Personally I happy just running webpack-4 + babel-7 + Typescript + SSR + express. I keep my configs compatible with vue-cli-3, but I'll probably drop that once I've setup caching and HMR.

Akryum commented 5 years ago

As stated in the docs (linked above), vue-cli 3 is compatible with any tool/IDE. For example, to run webpack with it:

webpack --config ./node_modules/@vue/cli-service/webpack.config.js

For your SSR issue which isn't really related to this issue, you can use the connect middleware in your own server (as used with vue-cli-plugin-apollo):

import ssrMiddleware from '@akryum/vue-cli-plugin-ssr/lib/app'

I admit this package documentation is lacking which I'll improve in the near future.

Akryum commented 5 years ago

Make a few choices and vue-cli-2 will scaffold it and set some of the quirky options for you. No knowledge of webpack or babel needed. No editing of config files.

Same with v3 but better, since the choices are more flexible. Then no editing of config files required if the defaults are good for you like in v2.

What's even better now is that common customization required in most projects is easily archived with the basic options in vue.config.js.

Anything scaffolded doesn't suit you need delete it and put whatever you want in there.

If a plugin doesn't suits your need you can indeed uninstall it and write something else to replace it. You can even make your project a sort of "plugin" on its own to get access to the runtime API.

You can also fork the template without too much effort.

This is a trap from v2 which was addressed with v3. Forking a template could seem nice in the beginning, but in the end it's a nightmare to maintain and keep it up-to-date. Poor Typescript team had a very hard time with their template as we updated the official webpack one. The result was all the typescript users using it were almost always left behind.

For options that might not be available during scaffolding go back to the vue docs and use the almost step-by-step guide to add it yourself.

V3 is flexible enough that you can plug any tool to it if it's compatible with Webpack.

If you added something out of vue-cli-2's scope e.g. an express server, you can rely on the vast community using express server for general purposes (or just use what you already know).

Same with V3.

For options that might not be available, go search for a plugin.

Then if the plugin doesn't exist, you can create one or write code directly in your project.

If you found a plugin, but you're having issues, go to the github page of that plugin and try to find a solution there.

If you found a plugin and it generally works, but some options you want to use are missing. Go and try to understand how the plugin system works, fork it and edit the plugin. You are on your own here, because apparently no one has written a vue-cli-plugin for that use case yet.

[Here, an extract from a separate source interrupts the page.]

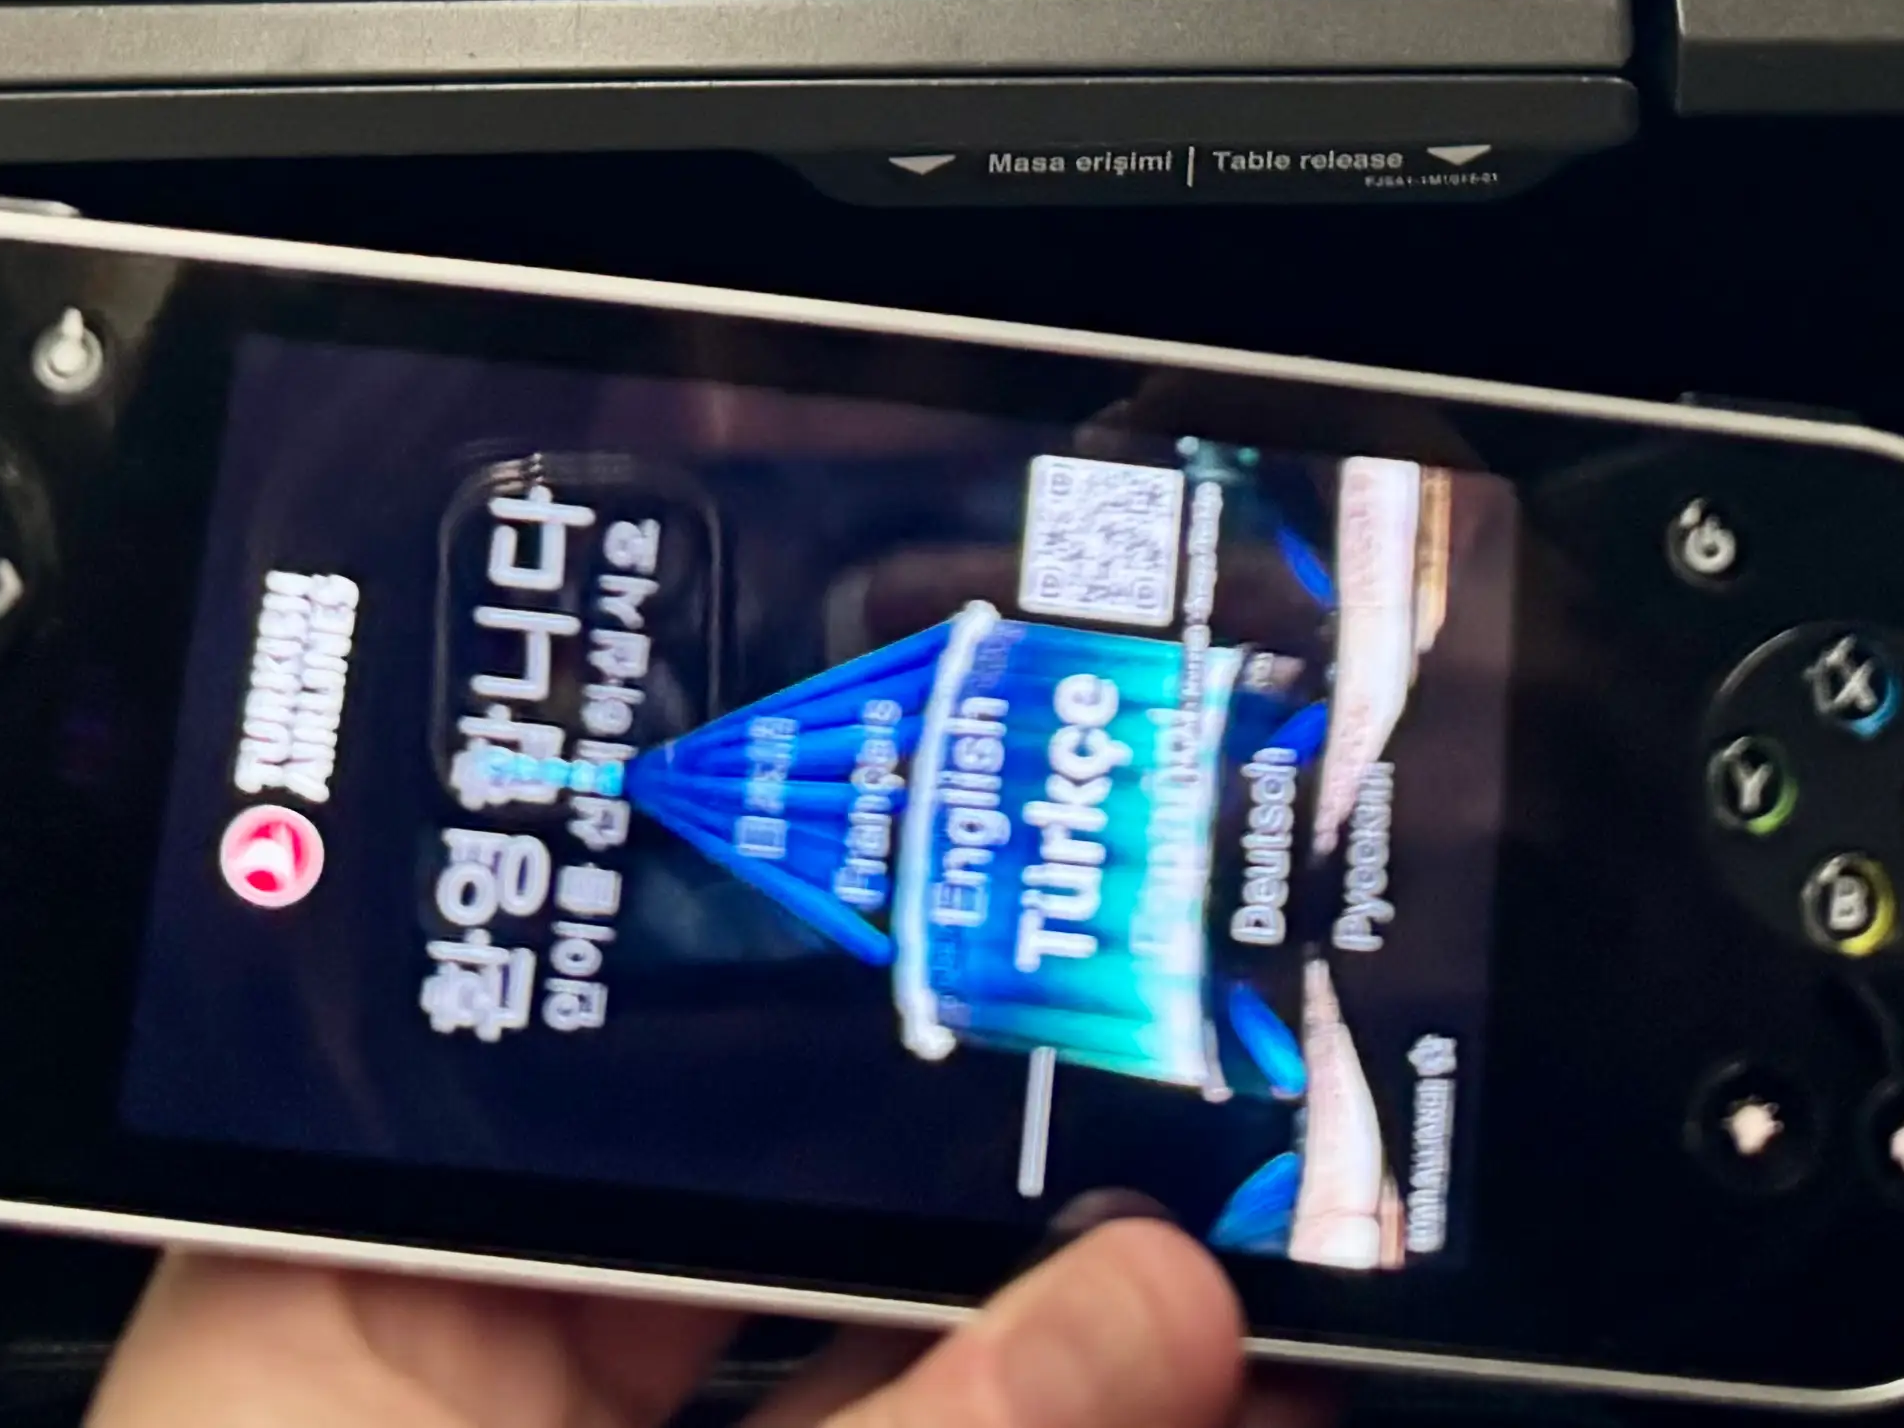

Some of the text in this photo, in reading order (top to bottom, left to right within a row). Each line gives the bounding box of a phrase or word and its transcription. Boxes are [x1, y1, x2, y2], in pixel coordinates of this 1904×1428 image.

How is that different from using any package from npm and having issues with it?


From what I get from your post is generally the issues people may encounter are mostly related to docs, resources and migration issues. This can always be improved.

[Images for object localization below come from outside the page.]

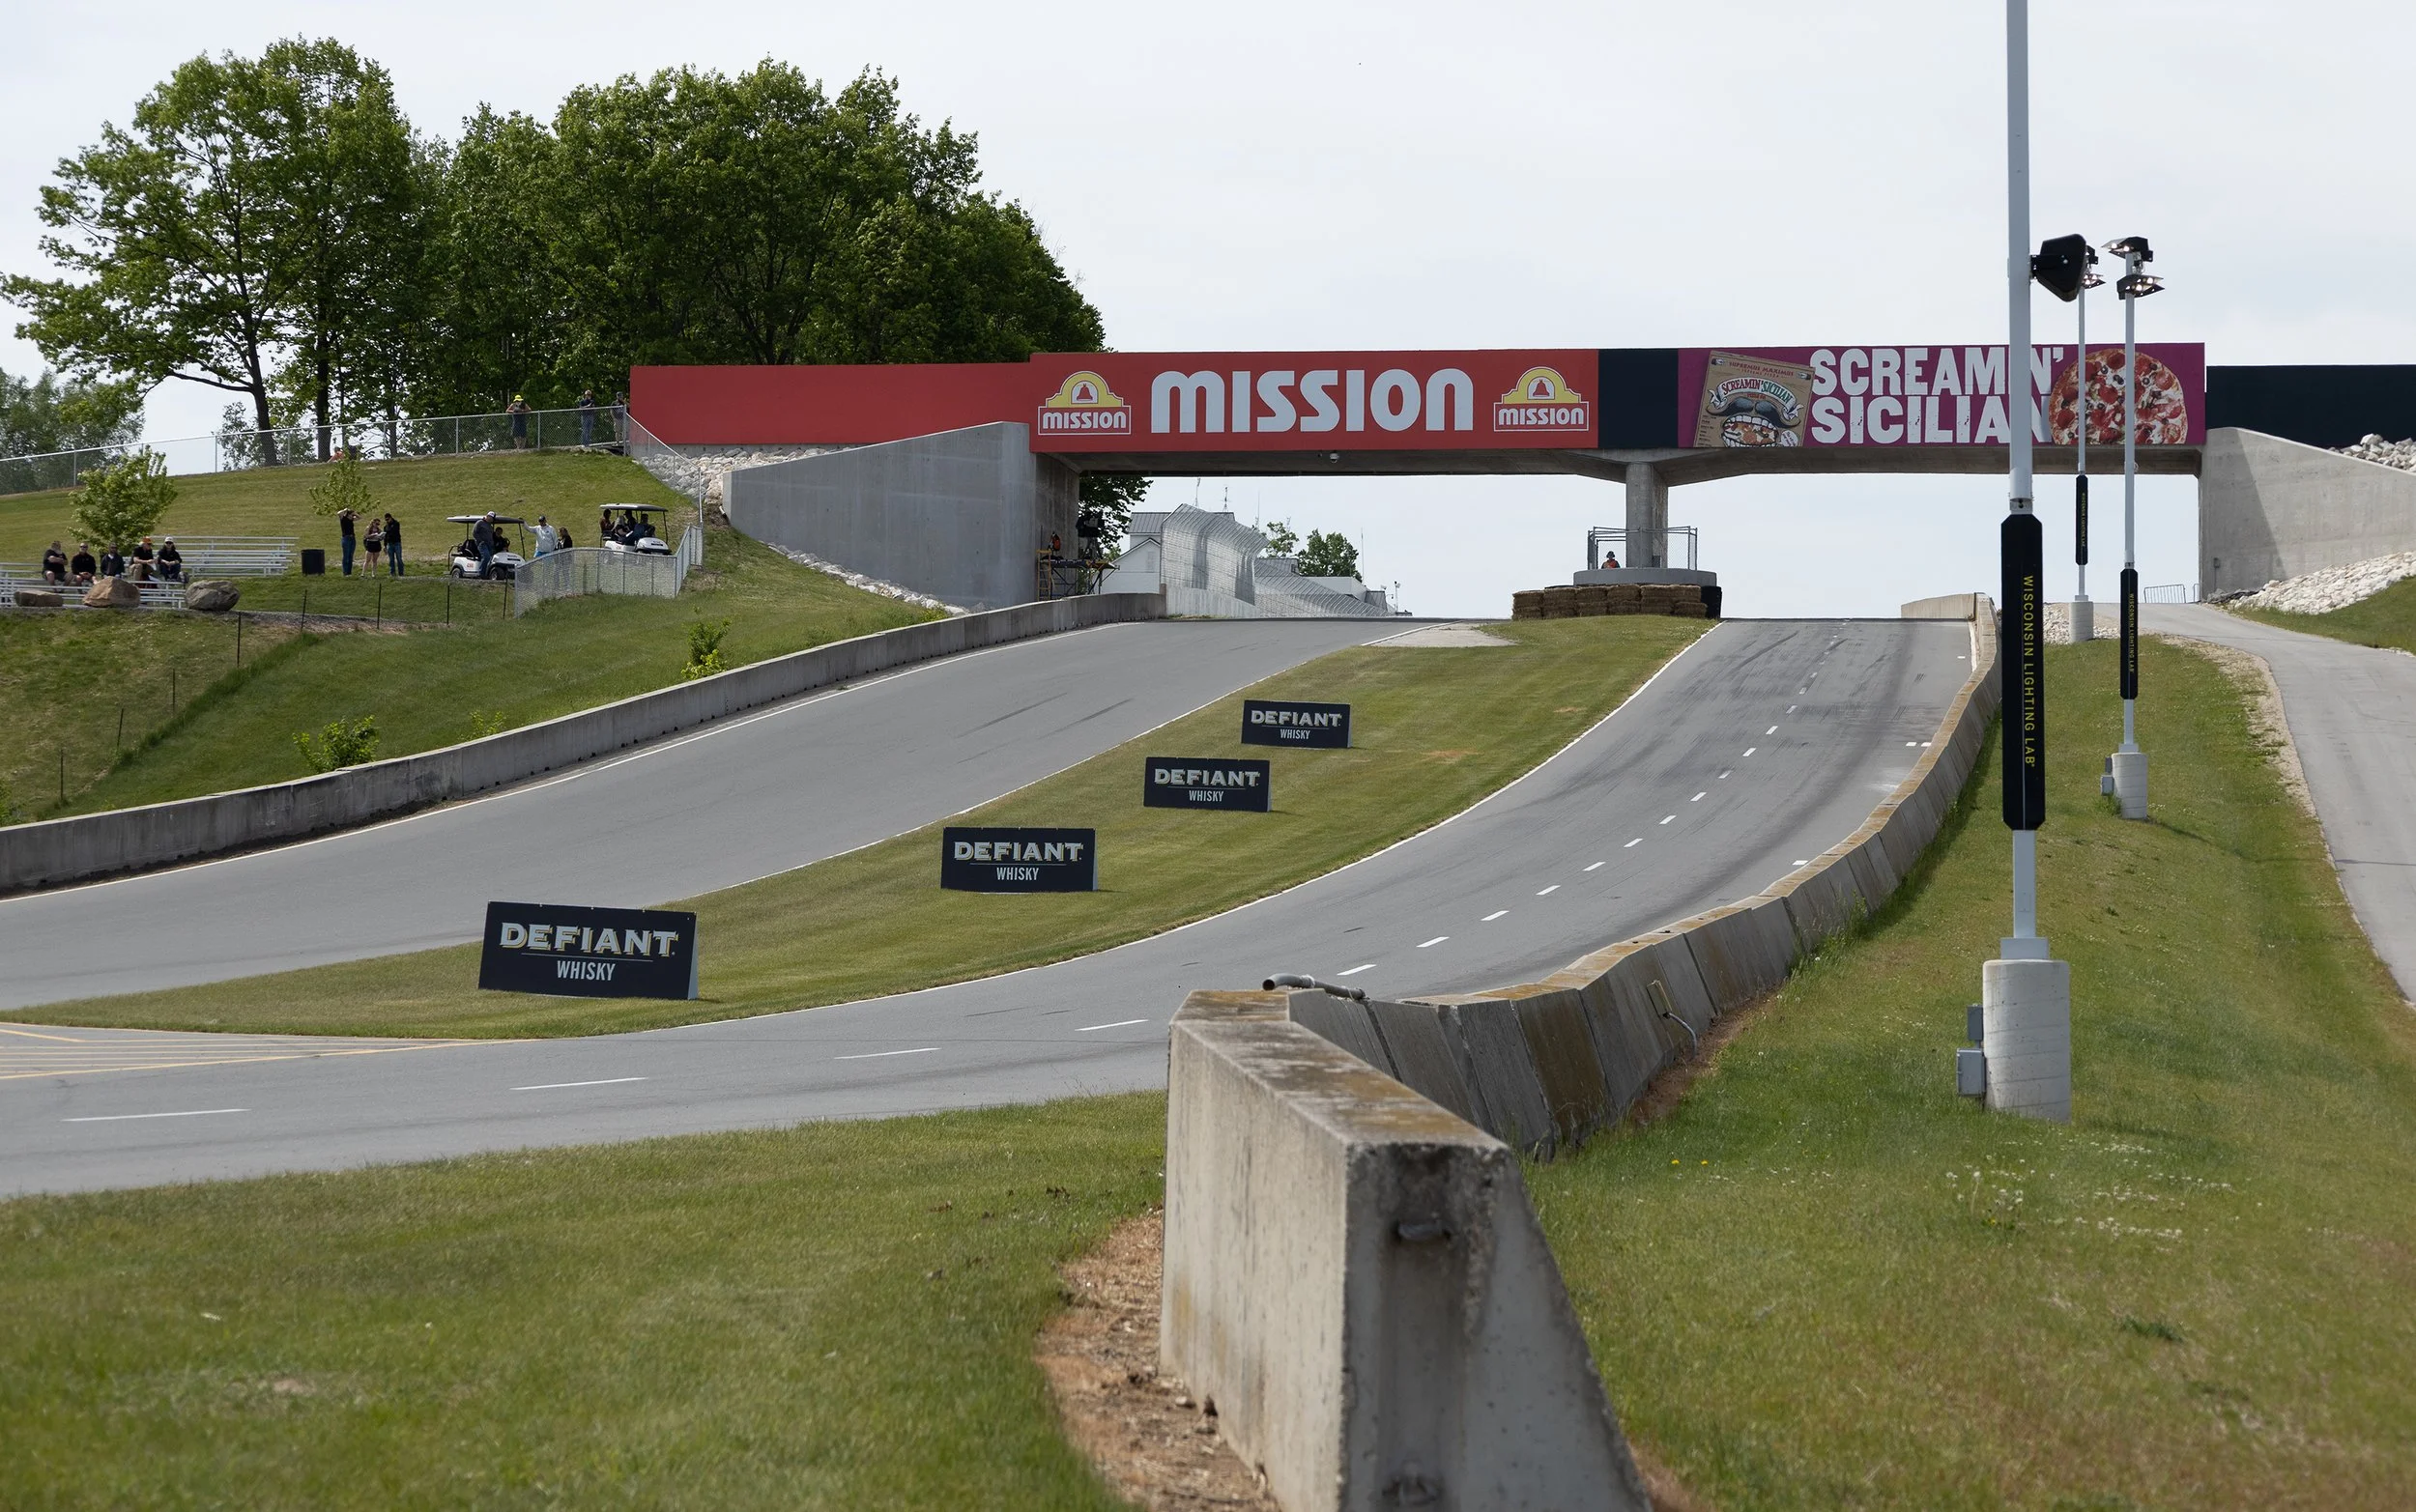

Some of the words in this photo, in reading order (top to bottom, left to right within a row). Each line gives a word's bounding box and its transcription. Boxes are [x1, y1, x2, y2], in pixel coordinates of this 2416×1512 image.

[1810, 347, 2063, 395] SCREAMN'
[1151, 368, 1474, 434] MISSION
[1043, 411, 1126, 429] MISSION
[1498, 408, 1584, 426] MISSION
[1811, 396, 2053, 443] SICILIAN
[2024, 575, 2034, 657] WISCONSIN
[2024, 663, 2035, 731] LIGHTING
[1251, 710, 1342, 727] DEFIANT
[1280, 728, 1310, 740] WHISKY
[1154, 768, 1261, 787] DEFIANT
[1189, 790, 1224, 802] WHISKY
[953, 842, 1084, 862] DEFIANT
[996, 867, 1040, 881] WHISKY
[499, 922, 679, 957] DEFIANT
[557, 960, 616, 981] WHISKY

suau commented 5 years ago

Make a few choices and vue-cli-2 will scaffold it and set some of the quirky options for you. No knowledge of webpack or babel needed. No editing of config files.

Same with v3 but better, since the choices are more flexible. Then no editing of config files required if the defaults are good for you like in v2.

What's even better now is that common customization required in most projects is easily archived with the basic options in vue.config.js.

No configs needed for the out of the box experience in both, the webpack configs generated with v2 were also using webpack merge already, merging another vue.config.js should be no issue and chaining should also be no issue here. Updating anything on either v2 or v3 has a good chance of breaking things. On v2 direct customizations to the generated files will be lost. On v3 any changes made to the internal webpack configs have also a good possibility to breaking customizations (merge/chain) in vue.config.js, so do any plugins that touches anything in the build chain. I simply don't see any advantages v3 should have over v2 here.

Anything scaffolded doesn't suit you need delete it and put whatever you want in there.

If a plugin doesn't suits your need you can indeed uninstall it and write something else to replace it. You can even make your project a sort of "plugin" on its own to get access to the runtime API.

Exactly you need to write a vue-specific plugin to get it done. Comparing the search results for webpack + anything vs vue-cli + anything there is a clear winner. And making my project a vue-cli plugin is definitely not what I want to do, the cli should be flexible enough to fit in my project not the other way around.

For options that might not be available during scaffolding go back to the vue docs and use the almost step-by-step guide to add it yourself.

V3 is flexible enough that you can plug any tool to it if it's compatible with Webpack.

Again you need to write a plugin.

If you added something out of vue-cli-2's scope e.g. an express server, you can rely on the vast community using express server for general purposes (or just use what you already know).

Same with V3.

Not really, you still need to write a plugin around everything.

For options that might not be available, go search for a plugin.

Then if the plugin doesn't exist, you can create one or write code directly in your project.

If you found a plugin, but you're having issues, go to the github page of that plugin and try to find a solution there.

If you found a plugin and it generally works, but some options you want to use are missing. Go and try to understand how the plugin system works, fork it and edit the plugin. You are on your own here, because apparently no one has written a vue-cli-plugin for that use case yet.

How is that different from using any package from npm and having issues with it?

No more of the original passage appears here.